__Your assignment__. At the line that holds "this 1920×971 image.", start repeating, and keep going exactly through the final line of the material; include both ends and skip the pictures.
Record extracts: Begin
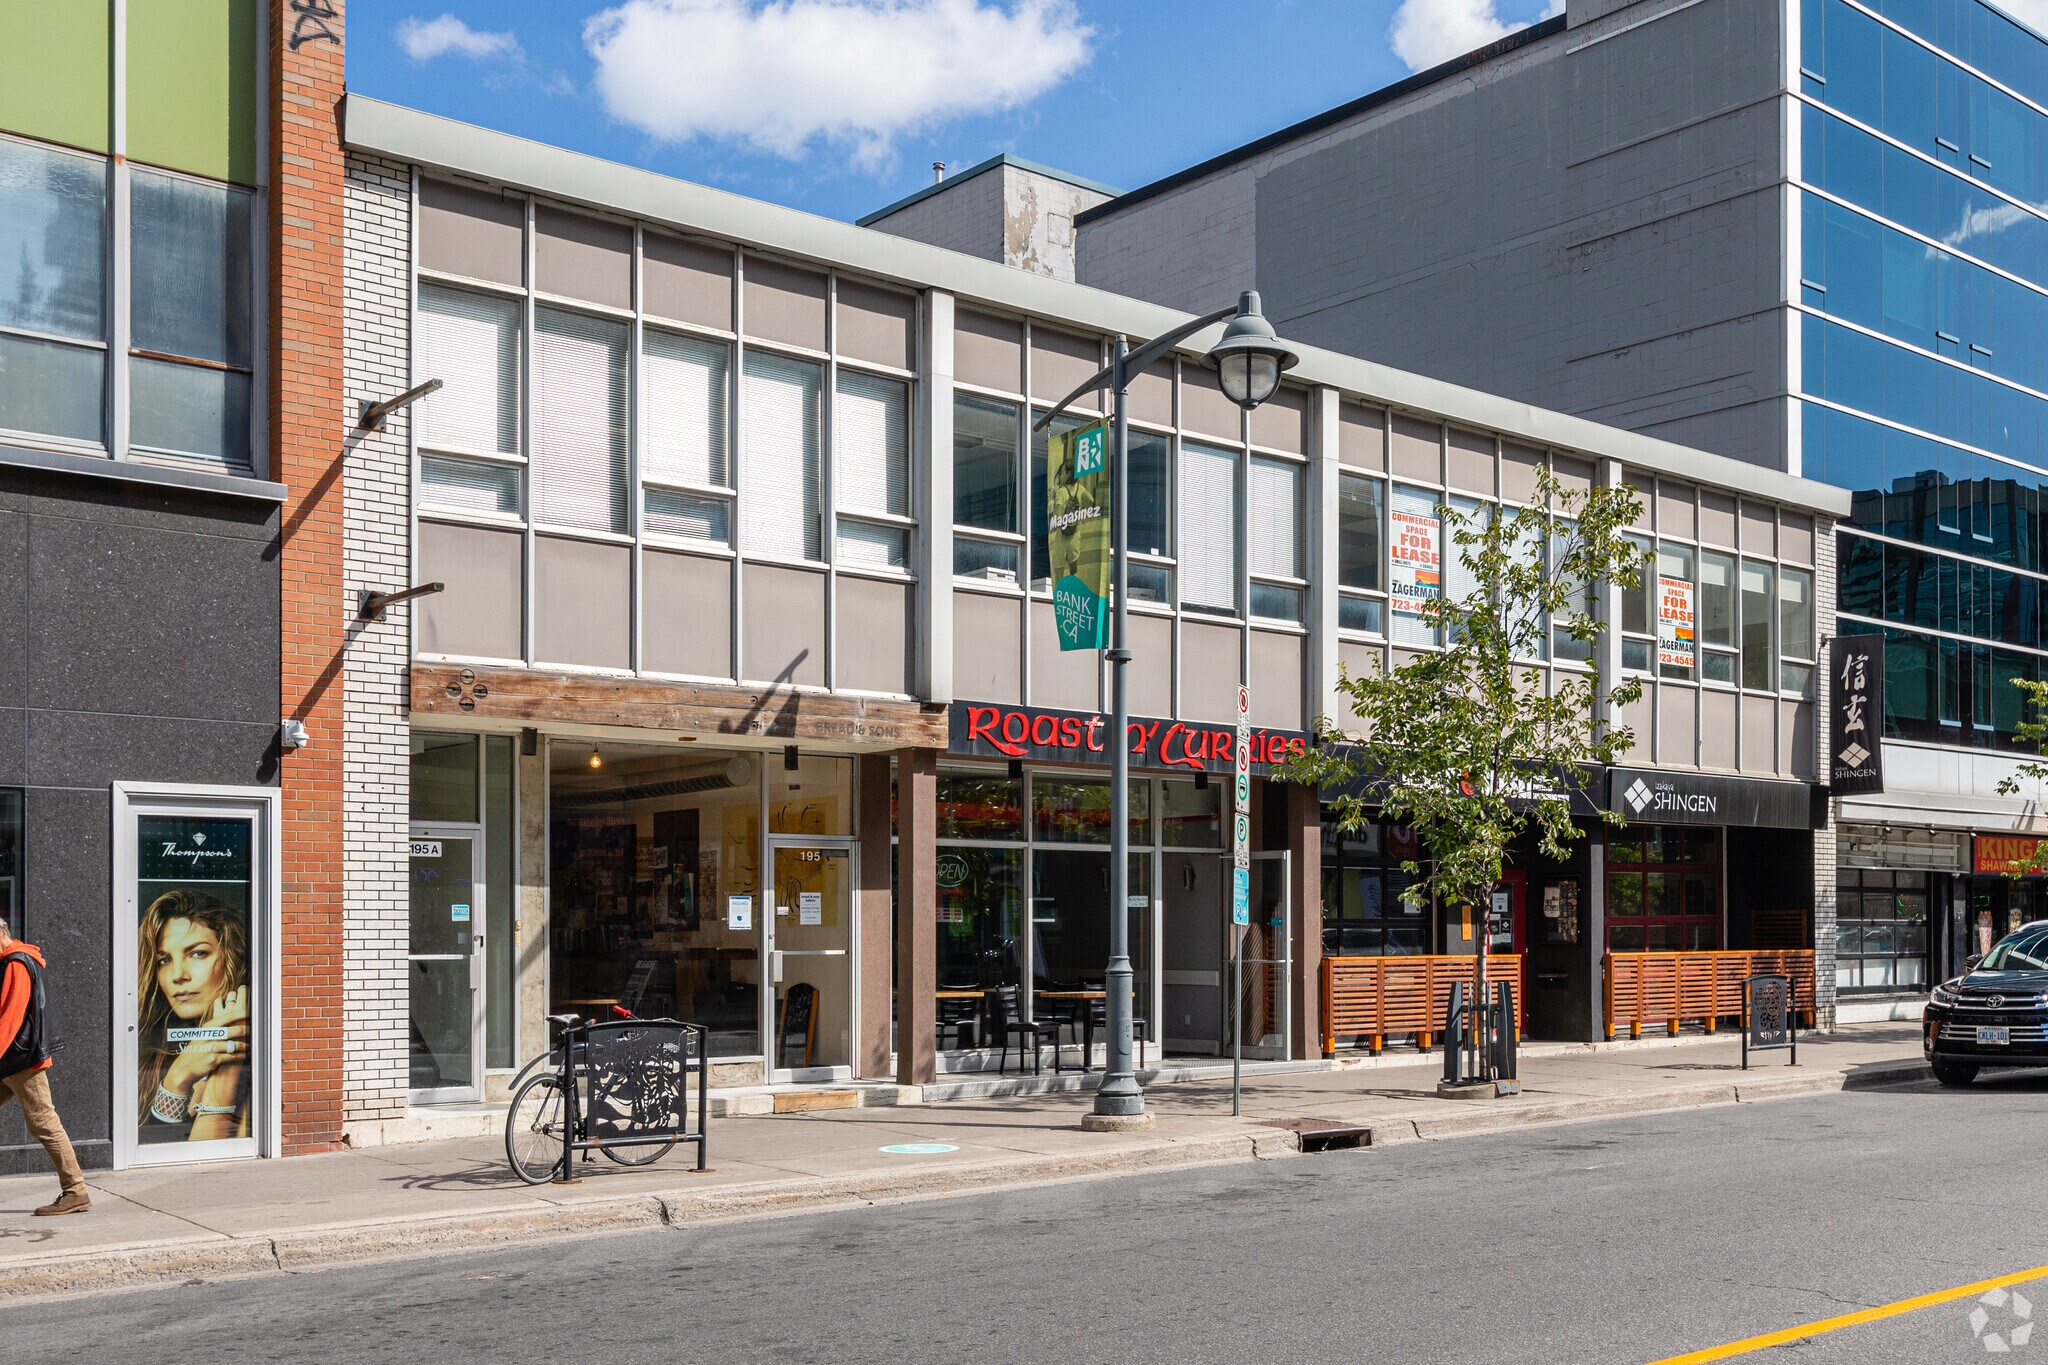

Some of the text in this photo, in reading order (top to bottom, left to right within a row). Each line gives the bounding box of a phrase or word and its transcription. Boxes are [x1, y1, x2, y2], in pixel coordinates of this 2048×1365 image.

[1391, 512, 1439, 529] COMMERCIAL
[1405, 525, 1428, 537] SPACE
[1400, 533, 1432, 550] FOR
[1391, 545, 1440, 565] LEASE
[1391, 582, 1440, 600] ZAGERMAN
[1667, 588, 1685, 598] SPACE
[1056, 590, 1091, 615] BANK
[1391, 598, 1440, 615] 723-4
[1663, 595, 1687, 609] FOR
[1056, 605, 1095, 632] STREET
[815, 721, 855, 736] BREAD
[868, 725, 901, 739] SONS
[1834, 768, 1877, 780] SHINGEN
[1654, 792, 1717, 813] SHINGEN
[161, 842, 232, 865] Thompson's
[409, 844, 439, 854] 195 A
[800, 851, 820, 861] 195
[1981, 838, 2033, 860] KING
[170, 1029, 225, 1039] COMMITTED
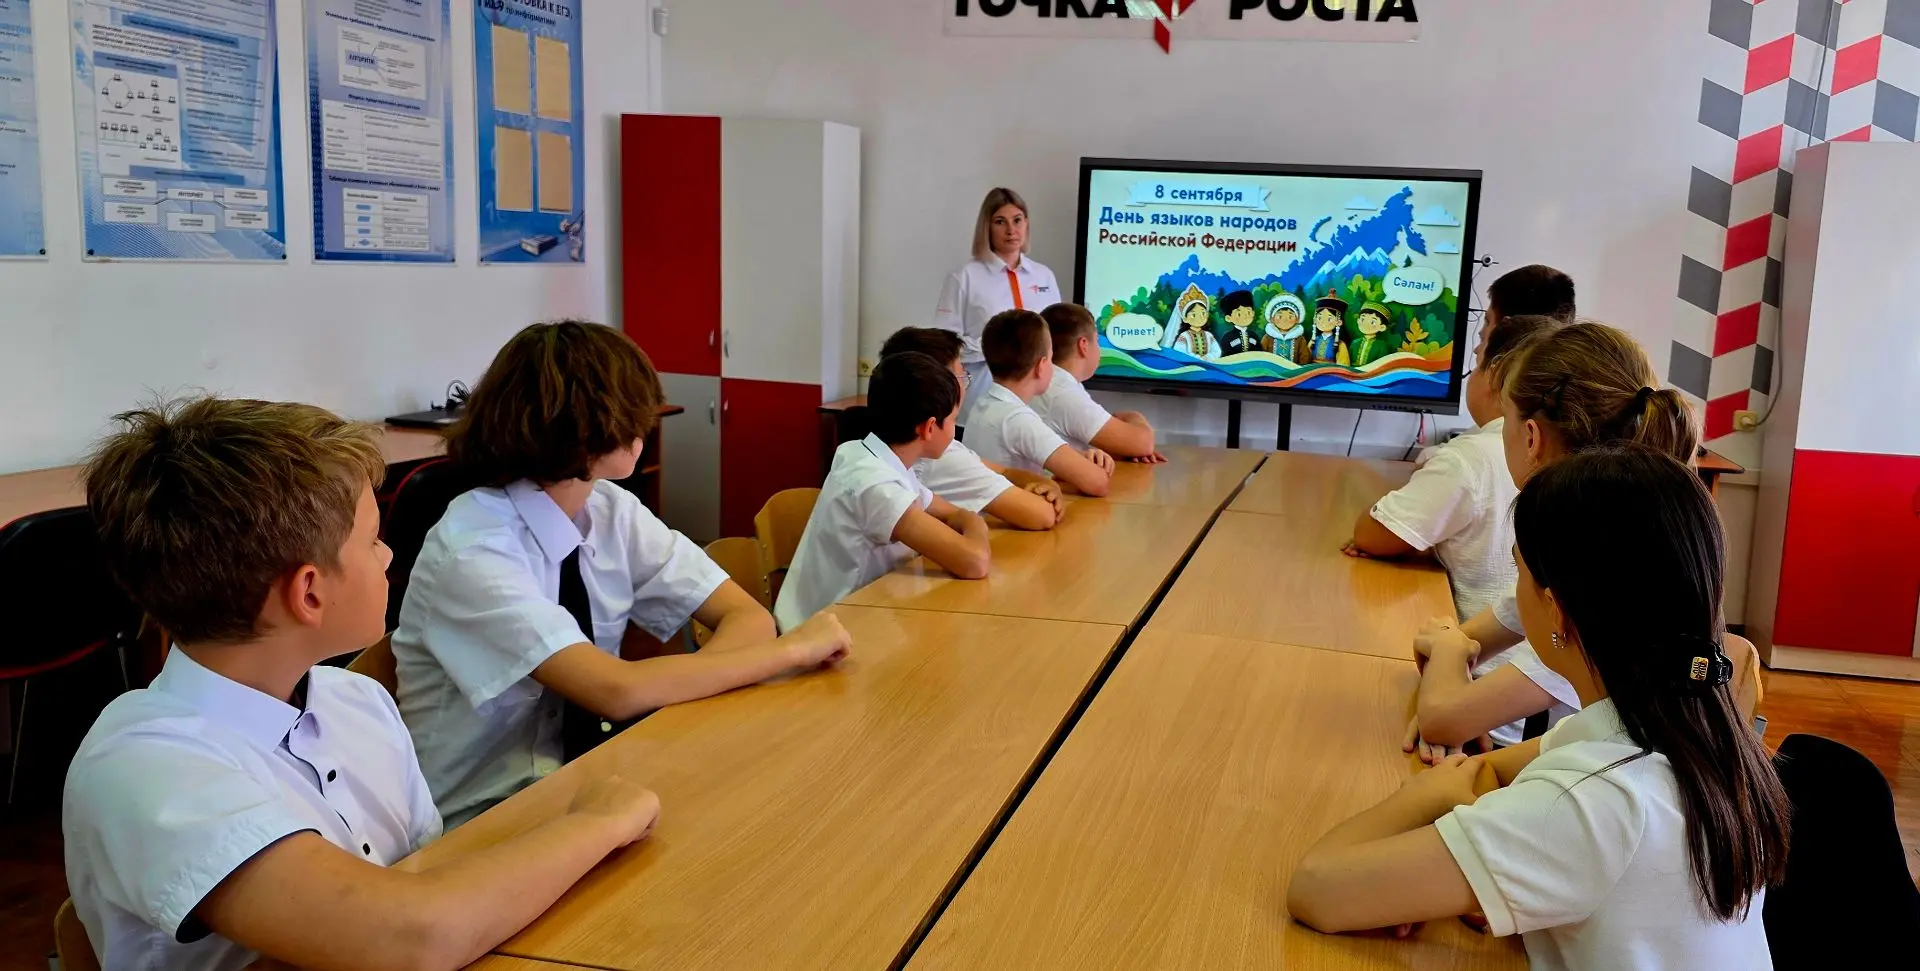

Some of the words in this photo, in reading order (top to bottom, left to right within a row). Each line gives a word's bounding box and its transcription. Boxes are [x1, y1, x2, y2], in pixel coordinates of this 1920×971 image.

[1155, 184, 1164, 199] 8
[1171, 187, 1243, 204] сентября
[1099, 206, 1145, 225] День
[1150, 213, 1214, 227] языков
[1220, 216, 1297, 232] народов
[1099, 229, 1196, 248] Российской
[1201, 233, 1297, 253] Федерации
[1113, 326, 1155, 339] Привет!
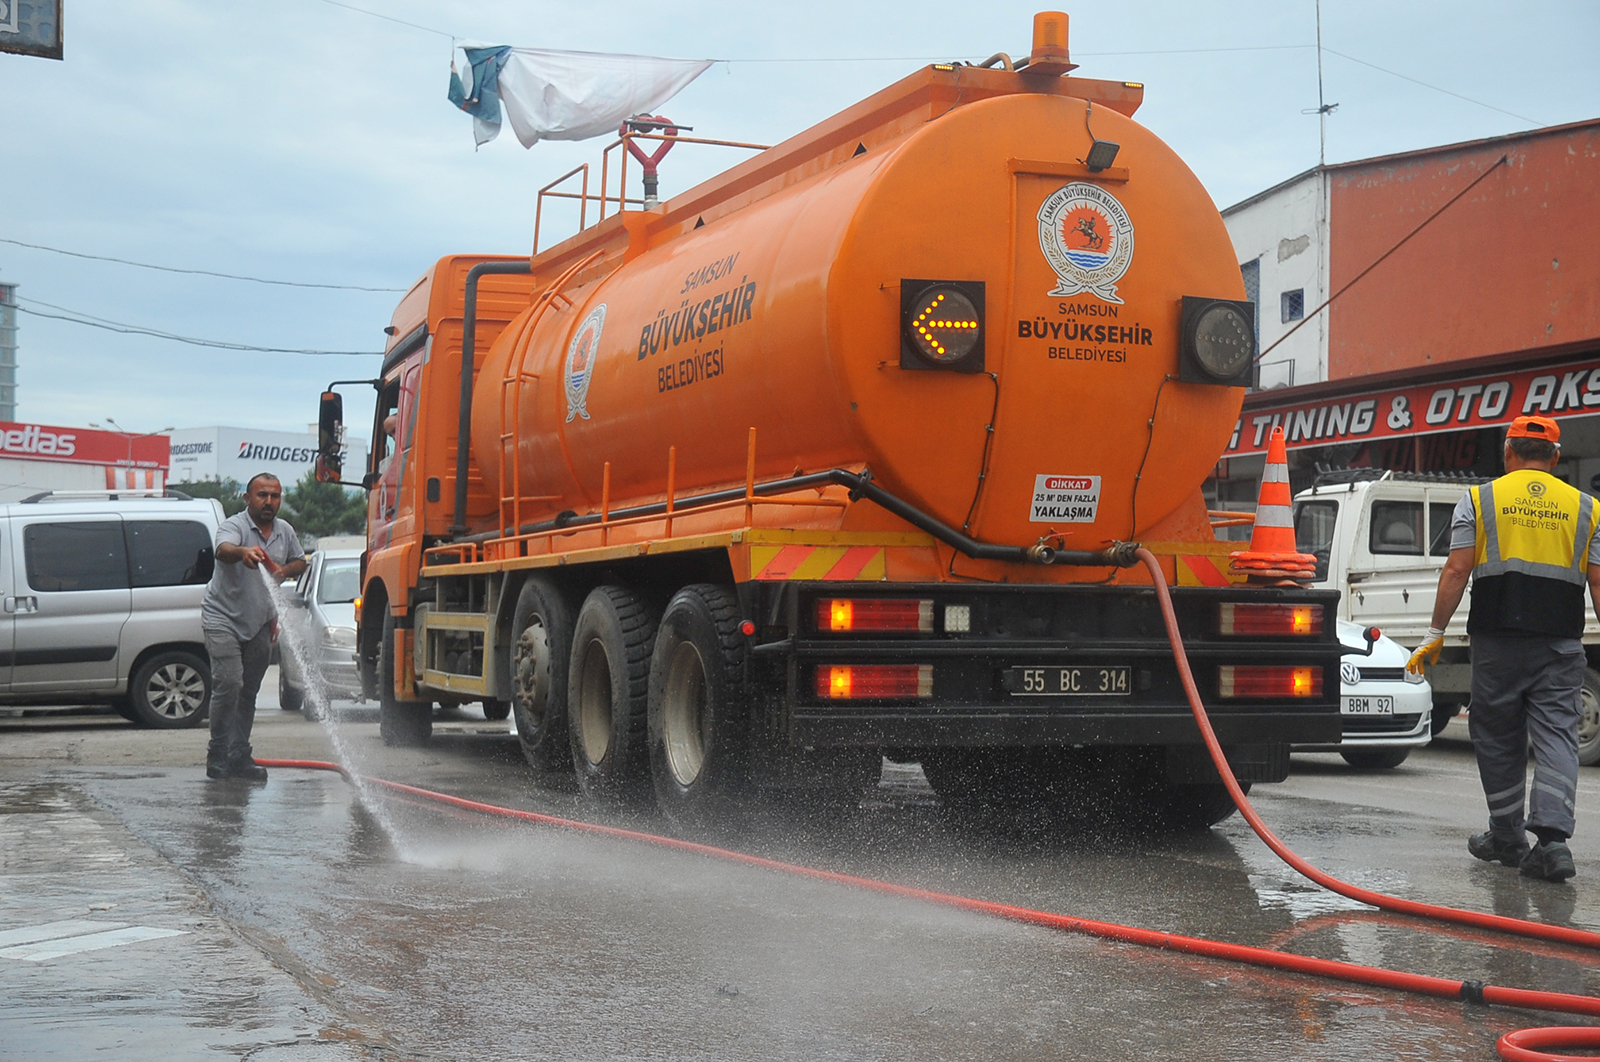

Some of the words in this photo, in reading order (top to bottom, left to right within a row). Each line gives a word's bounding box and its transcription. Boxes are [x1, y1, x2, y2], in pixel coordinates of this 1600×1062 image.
Record extracts: End
__Finished task__.
Some of the words in this photo, in reading order (top to bottom, left to right within a row). Each line gives a word's bounding box and its transcription. Boxes are [x1, y1, x2, y2], in pixel coordinates of this 1920×971 image.

[1155, 184, 1164, 199] 8
[1171, 187, 1243, 204] сентября
[1099, 206, 1145, 225] День
[1150, 213, 1214, 227] языков
[1220, 216, 1297, 232] народов
[1099, 229, 1196, 248] Российской
[1201, 233, 1297, 253] Федерации
[1113, 326, 1155, 339] Привет!

Some of the words in this photo, in reading order (top to bottom, left to right within a row). Each line gives a word's bounding box and its transcription. Boxes are [x1, y1, x2, y2], in pixel coordinates of this 1600×1062 image.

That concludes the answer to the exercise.